Abbreviations: CLT, convective lognormal transfer

	INTRODUCTION

TOP ABSTRACT INTRODUCTION MATERIALS AND METHODS RESULTS AND DISCUSSION CONCLUSIONS REFERENCES

 
SOLUTE TRANSPORT MODELING under intensively cultivated field crops is needed to evaluate the risk of contaminating ground water with nitrates, pesticides, and other crop-related inputs, under a wide variety of management and climatic conditions. Solute transport is mainly affected by water flow through the soil profile.

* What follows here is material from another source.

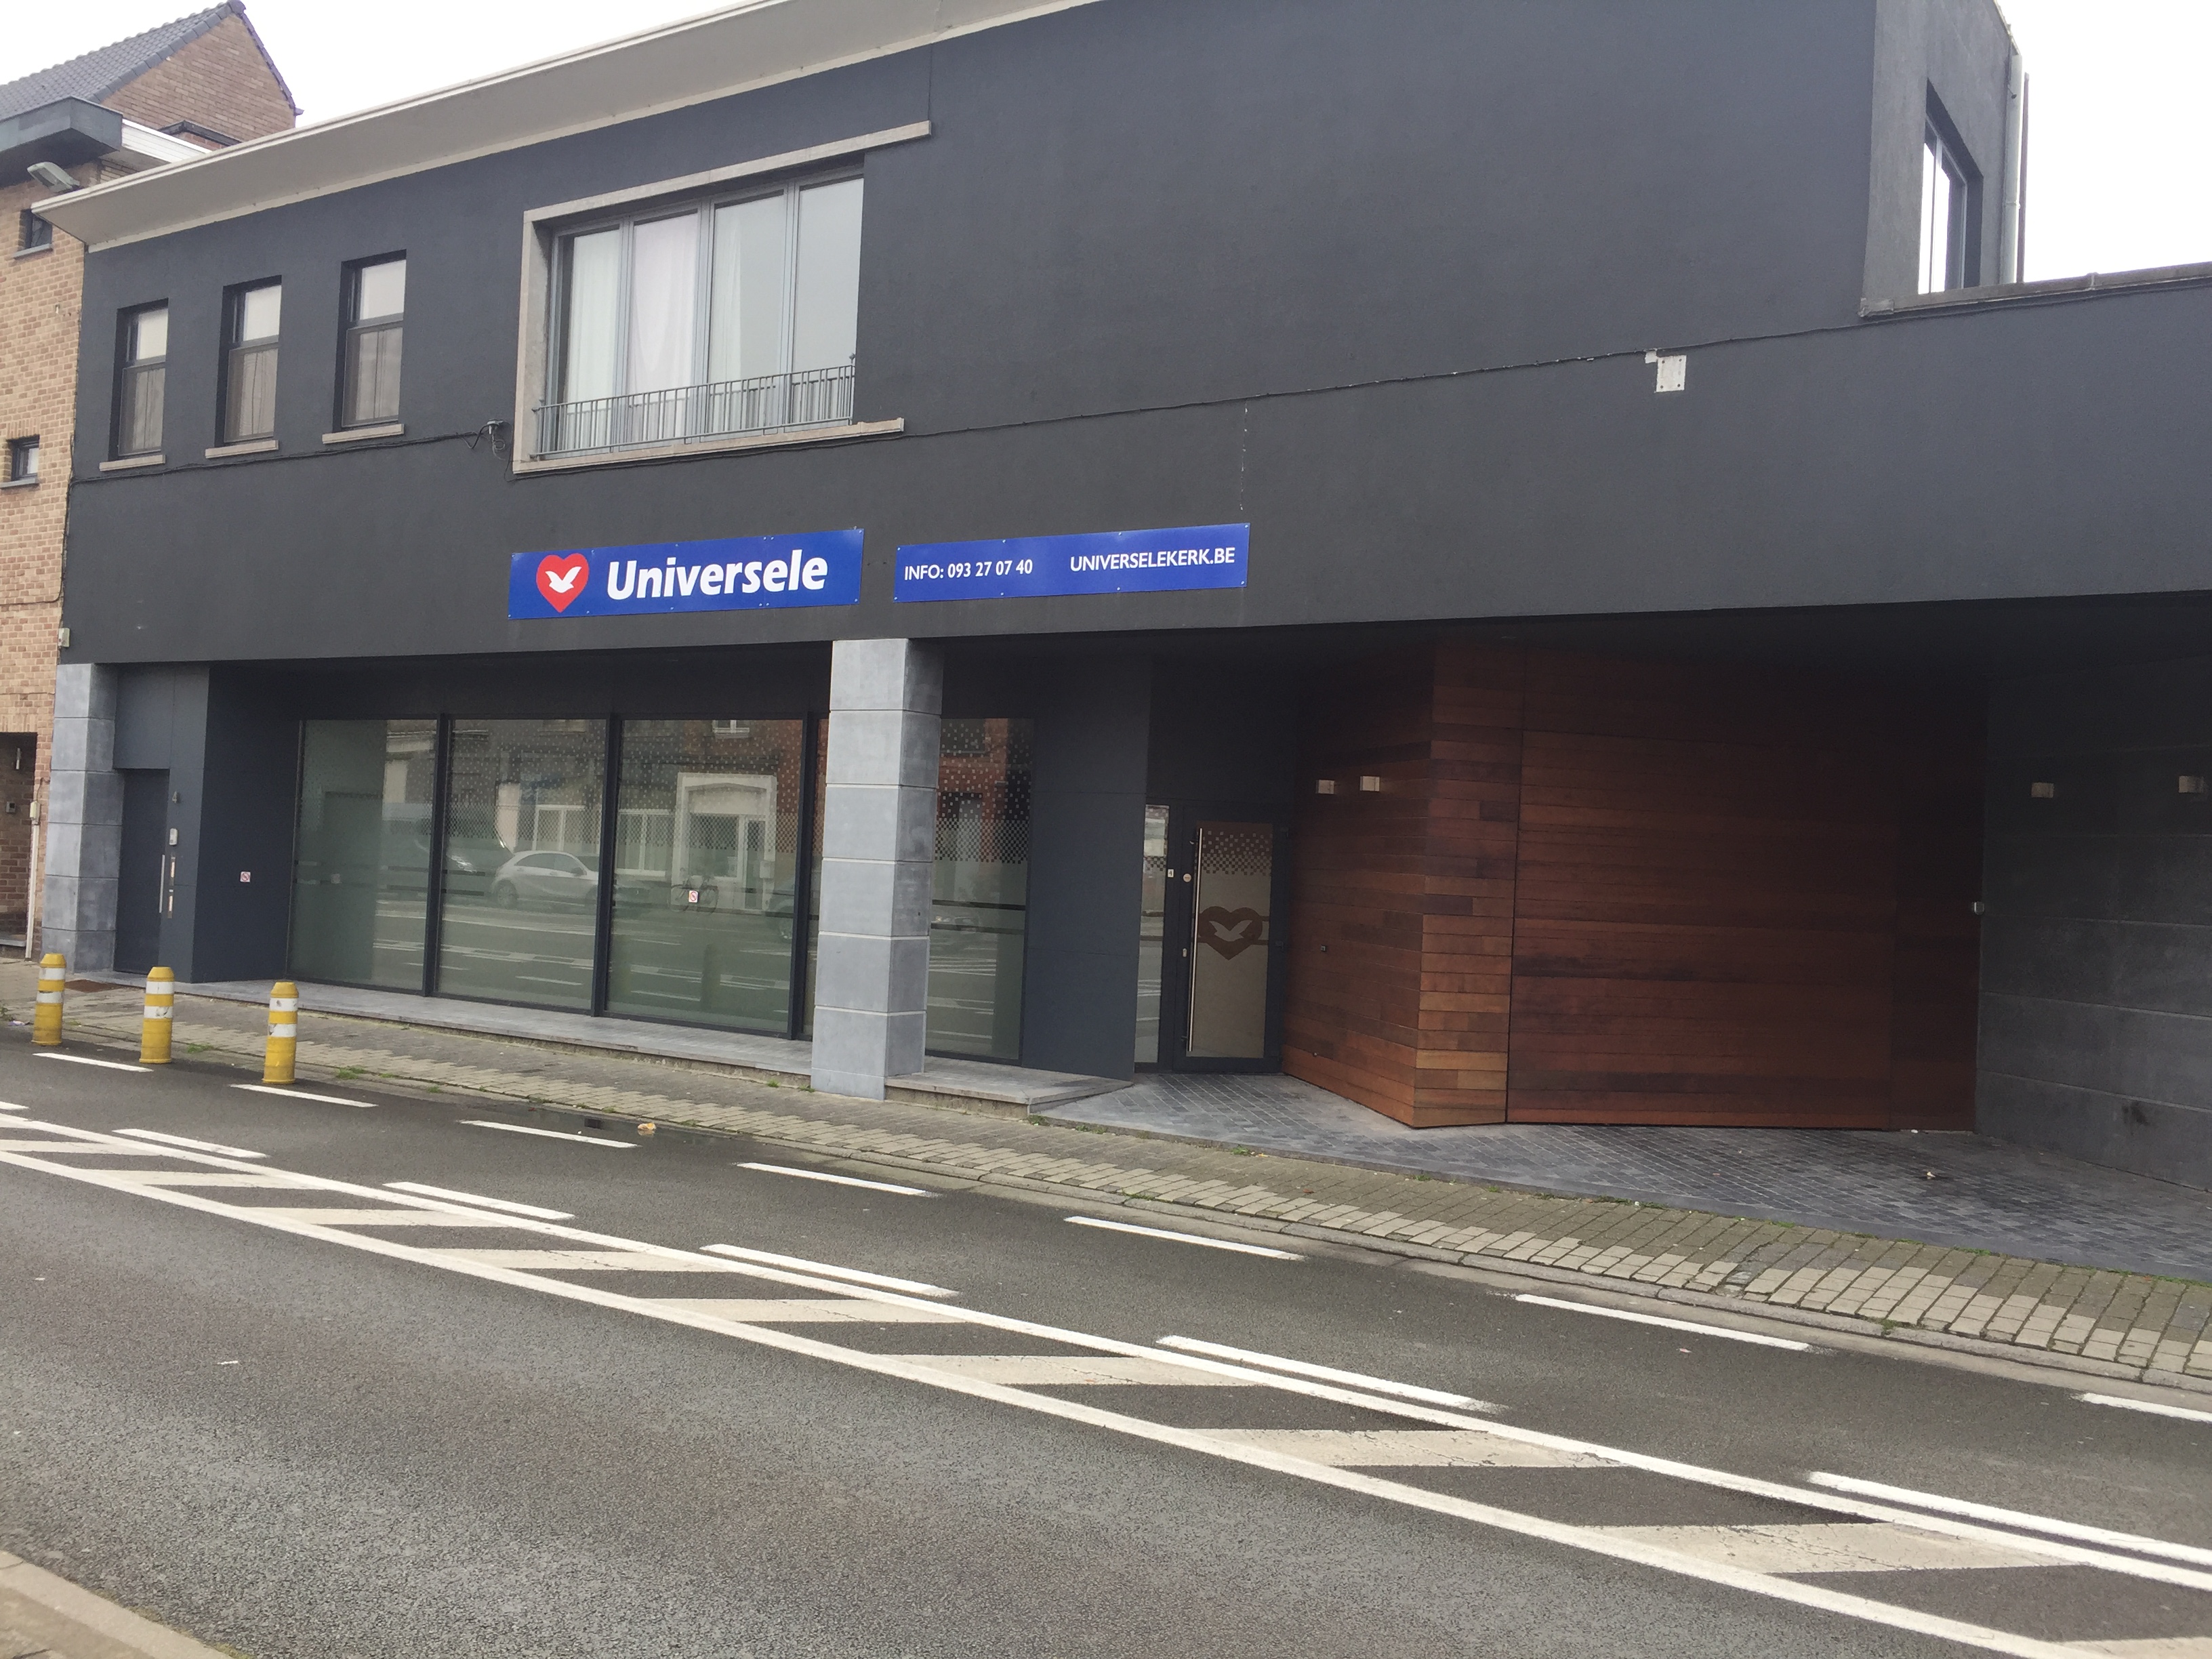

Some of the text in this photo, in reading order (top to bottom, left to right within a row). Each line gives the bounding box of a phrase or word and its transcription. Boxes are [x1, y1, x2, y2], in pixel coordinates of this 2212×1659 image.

[607, 549, 828, 600] Universele
[904, 547, 1235, 581] INFO: 093 27 07 40 UNIVERSELEKERK.BE

However, water flow under cultivated field conditions is highly variable in time and space due to the presence of plants, heterogeneous soil conditions, and soil tillage. Therefore, conventional modeling of water and solute fluxes in a one-dimensional homogenous soil profile with the Richards and convection–dispersion equations may not apply.

Plants play an important role in evapotranspiration, which under row crops creates important tracer leaching patterns (Kung, 1990; Timlin et al., 1992; Powers et al., 1997). Root water uptake and lower soil water contents in the crop-row zone can induce smaller downward soil water and solute fluxes below this zone (Timlin et al., 1992). Under potato crops, ridging or hilling will shed rain water away from the plant-row zone, causing greater infiltration of water and leaching in the interrow zone (Saffigna et al., 1976). As a result, solute leaching is highly variable under row-cropped soils and modeling such a heterogeneous system with the Richards and convection–dispersion equations requires a detailed knowledge of spatial and temporal changes of soil hydraulic properties, rainfall intensities, and root growth with time (Timlin et al., 1992).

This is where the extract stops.